Oftentimes when we think of nonprofits and advocacy organizations (such as the many groups that benefit from your purchases on Alonovo), what comes to mind are those typewritten pleas for assistance that fill our mailboxes at an alarming rate (do-gooder junk mail, as I call it), or those endless email petitions entreating us to help stop someone or something from taking a destructive action.
But there's another side to such groups. A number of them are forging alliances with companies they used to criticize in order to promote socially responsible initiatives and behaviors. A story in this week's Economist lists a bunch of such partnerships: Ikea and Kingfisher teaming up with the WWF and Rainforest Alliance, Marriott International with Conservation International, and General Motors and ConocoPhillips with Environmental Defense and the World Resources Institute.

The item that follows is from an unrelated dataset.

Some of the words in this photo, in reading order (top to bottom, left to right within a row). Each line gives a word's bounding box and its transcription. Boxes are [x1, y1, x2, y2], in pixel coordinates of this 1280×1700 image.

Why the transformation from adversary to ally? As the internet and other tools of the digital age make it easier for advocacy groups to learn about and publicize news regarding companies' behavior, businesses are realizing that it's in their interest to do more than merely appear to have a good reputation. They're interested in doing good, and who better to show them how than the very organizations that have sometimes campaigned against them.
In one striking example of that phenomenon, Limited Brands is now getting help from ForestEthics, which once publicized the company's clear-cutting ways with provocative images like these, on sourcing paper for its catalogs. In another, the WWF last year announced a partnership with Coca-Cola focused on freshwater conservation.

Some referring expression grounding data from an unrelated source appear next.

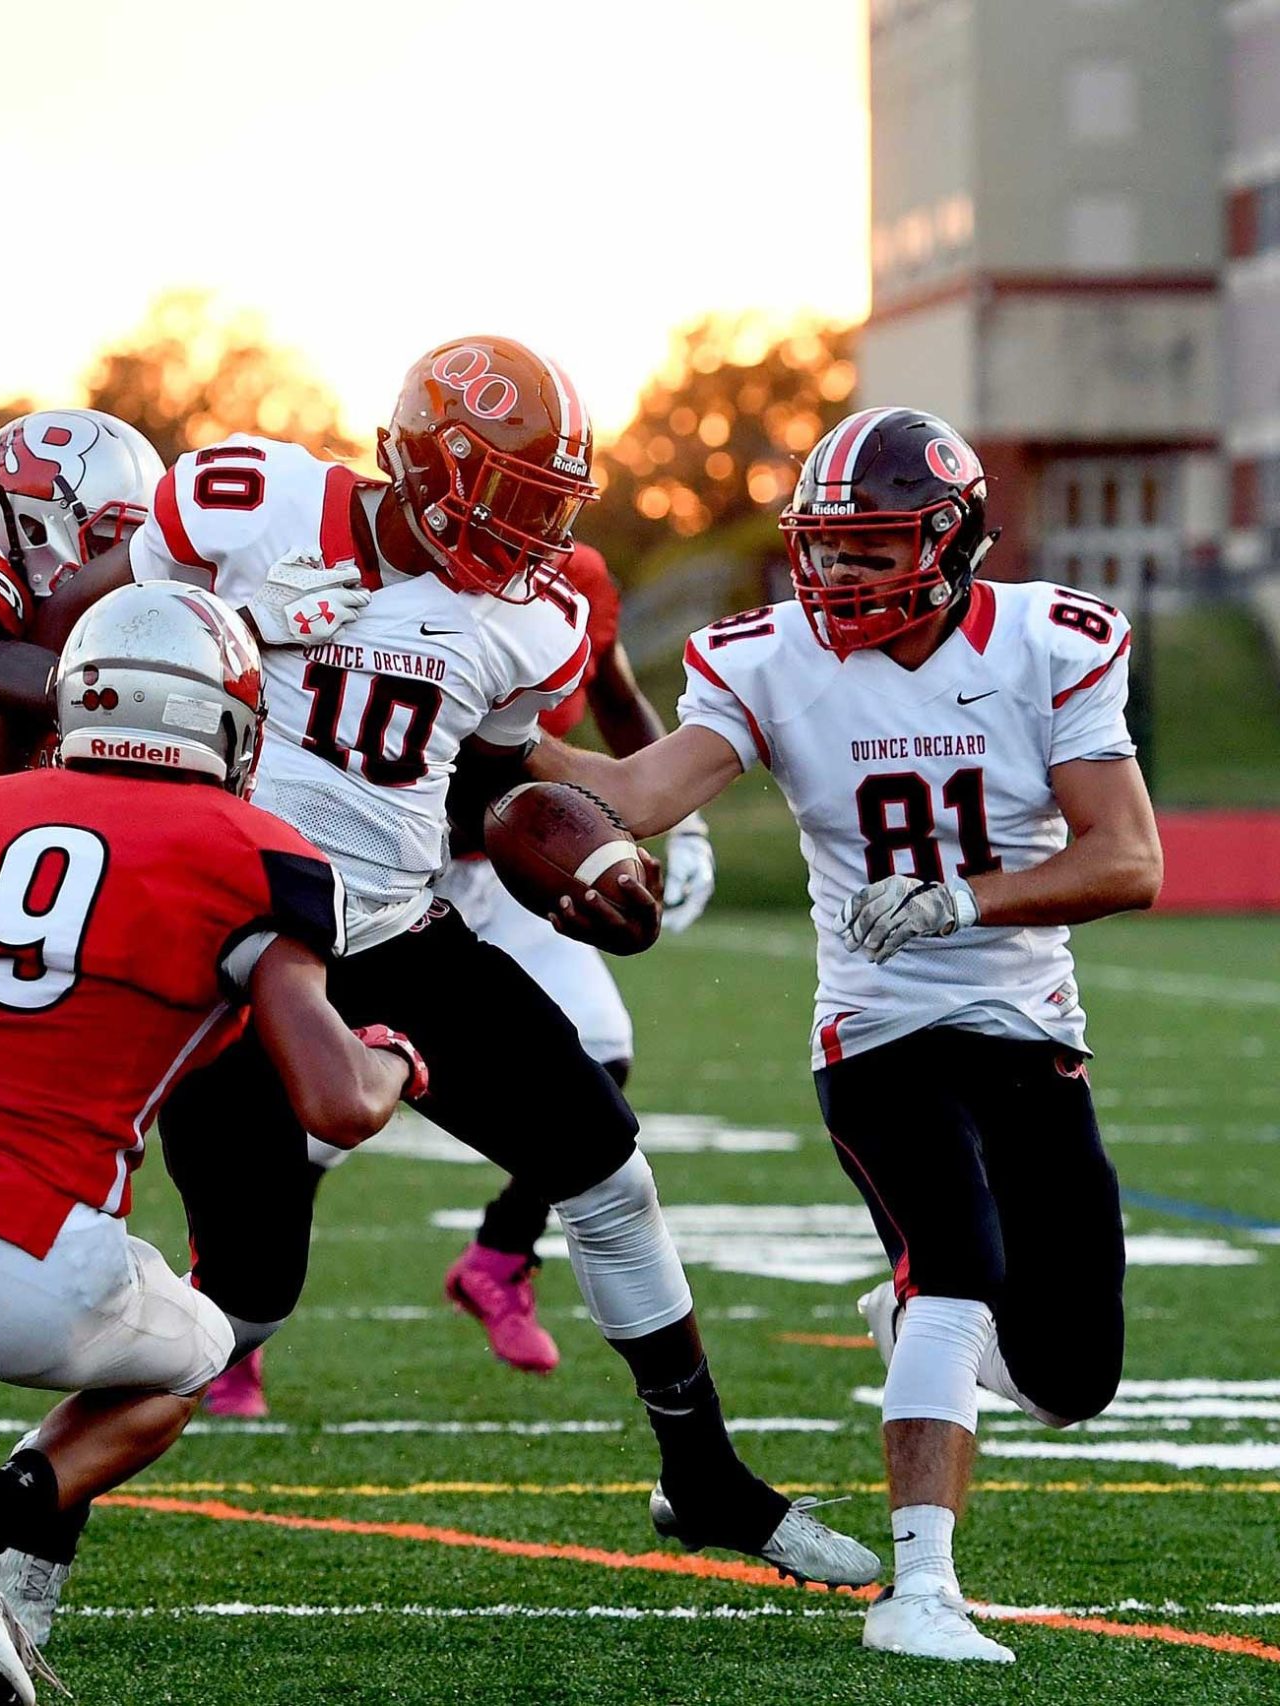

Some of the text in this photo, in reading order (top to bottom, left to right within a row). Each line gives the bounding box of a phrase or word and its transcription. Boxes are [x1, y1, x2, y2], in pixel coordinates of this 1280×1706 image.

[553, 456, 588, 478] Riddell
[812, 503, 855, 516] Riddell
[302, 642, 446, 681] QUINCE ORCHARD
[301, 661, 443, 788] 10
[851, 735, 986, 762] QUINCE ORCHARD
[856, 768, 1004, 884] 81

Such alliances are not without controversy, of course. In some people's eyes, they represent a grim double-whammy: selling out on the part of the advocacy group and greenwashing on the part of the corporation.

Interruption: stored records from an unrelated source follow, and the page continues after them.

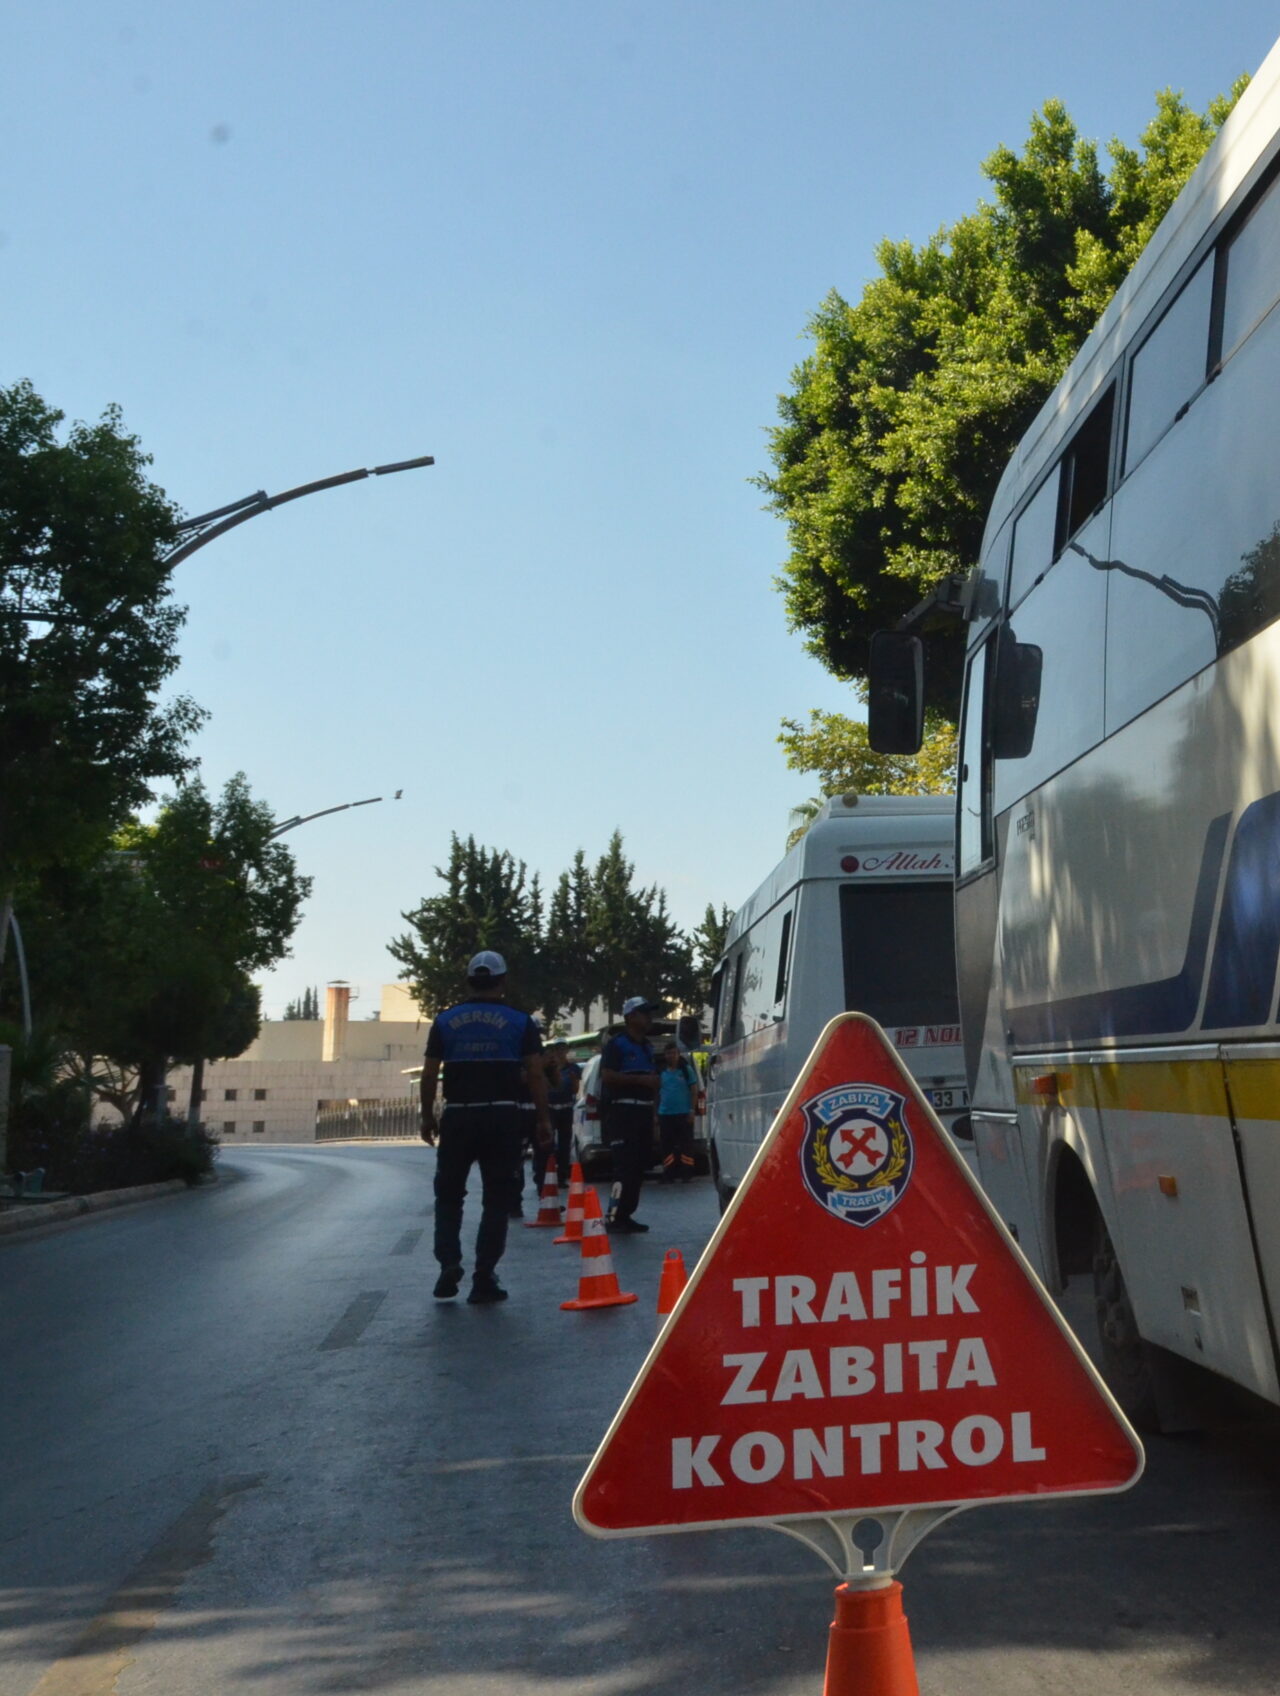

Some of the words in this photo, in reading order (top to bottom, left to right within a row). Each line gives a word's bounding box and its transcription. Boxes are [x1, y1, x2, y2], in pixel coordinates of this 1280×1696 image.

[896, 1029, 917, 1046] 12
[829, 1093, 880, 1109] ZABITA
[934, 1091, 953, 1107] 33
[841, 1192, 886, 1207] TRAFİK
[733, 1250, 980, 1328] TRAFİK
[720, 1337, 998, 1406] ZABITA
[671, 1411, 1046, 1489] KONTROL

Another point of view is presented in the Economist story, which argues (summarizing James Gustave Speth in his new book, The Bridge at the Edge of the World) that "environmental externalities are an unavoidable feature of capitalism" and that the only real solution to that sad reality is for regulations to be enacted requiring business to act more sustainably. Until such laws exist, partnerships between companies and nonprofits offer the next best thing: a way for firms to up their credibility quotient and hopefully also contribute to their bottom line by thinking and acting for the long term.